Before Tableau (BT) it was very difficult for people to achieve understanding of their data. They could make the long, arduous trip to the Hall of Data Custodians and Seers, lugging their data to turn over to the Hall's appointed gatekeepers and, if lucky, receive a notice of a proposed tentative future date upon which they could return to the Hall and receive some shiny tableaux containing everything they needed to know about their data. If they were very, very lucky, and the gatekeepers weren't otherwise occupied with more pressing matters there might even be a perfunctory interview in which the data owner would have the opportunity to express his or her ideas about what it might be interesting to know about the data. Which normally got garbled somewhere along the line, if not disregarded by the Chief High All-Knowing Consultodian who was ultimately powerful and, rumor had it, all knowing.

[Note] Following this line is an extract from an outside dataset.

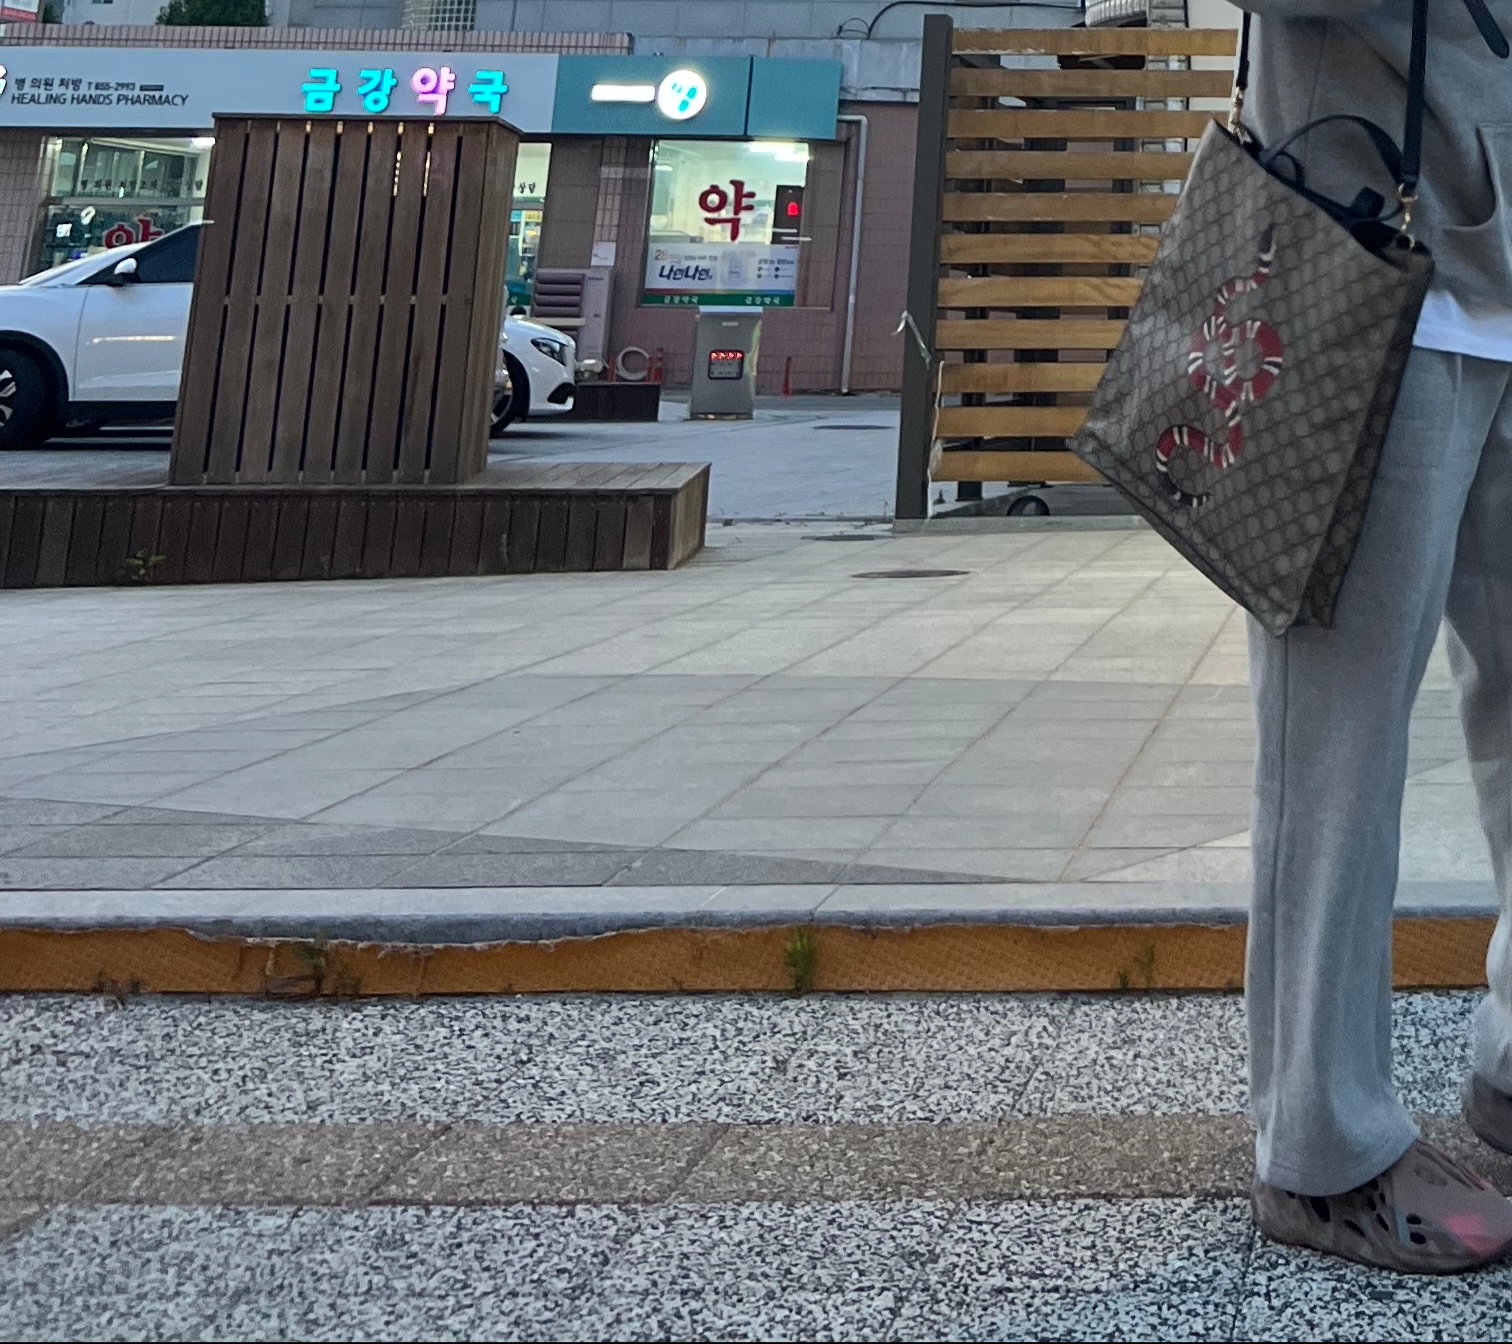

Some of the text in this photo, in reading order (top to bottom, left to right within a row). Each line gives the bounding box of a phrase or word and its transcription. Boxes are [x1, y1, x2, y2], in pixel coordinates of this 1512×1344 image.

[11, 93, 189, 106] HEALING HANDS PHARMACY
[301, 66, 508, 116] 금강약국
[699, 180, 756, 241] 약

Or the data owner could take his data and dump it into the Excel-lent data munger where the impenetrably complex gears and grinders would chew, swallow, and digest the data before excreting it in seemingly semi-coherent piles that were sometimes plain rectangular lumps, sometimes ornate, highly decorated, and garishly colored conglomerations of shapes and forms of all types and sizes.All in all, BT was an impoverished time in Data, Flatland. Although there were great stores and mines of data riches there was precious little value being extracted from it for the benefit of the data's owners – those benefits being realized were very nearly exclusively for the benefit of the Rulers, a bunch of linear overlords, for whom the Hall of Data Custodians and Seers worked, in exchange for continued employment and elevated status.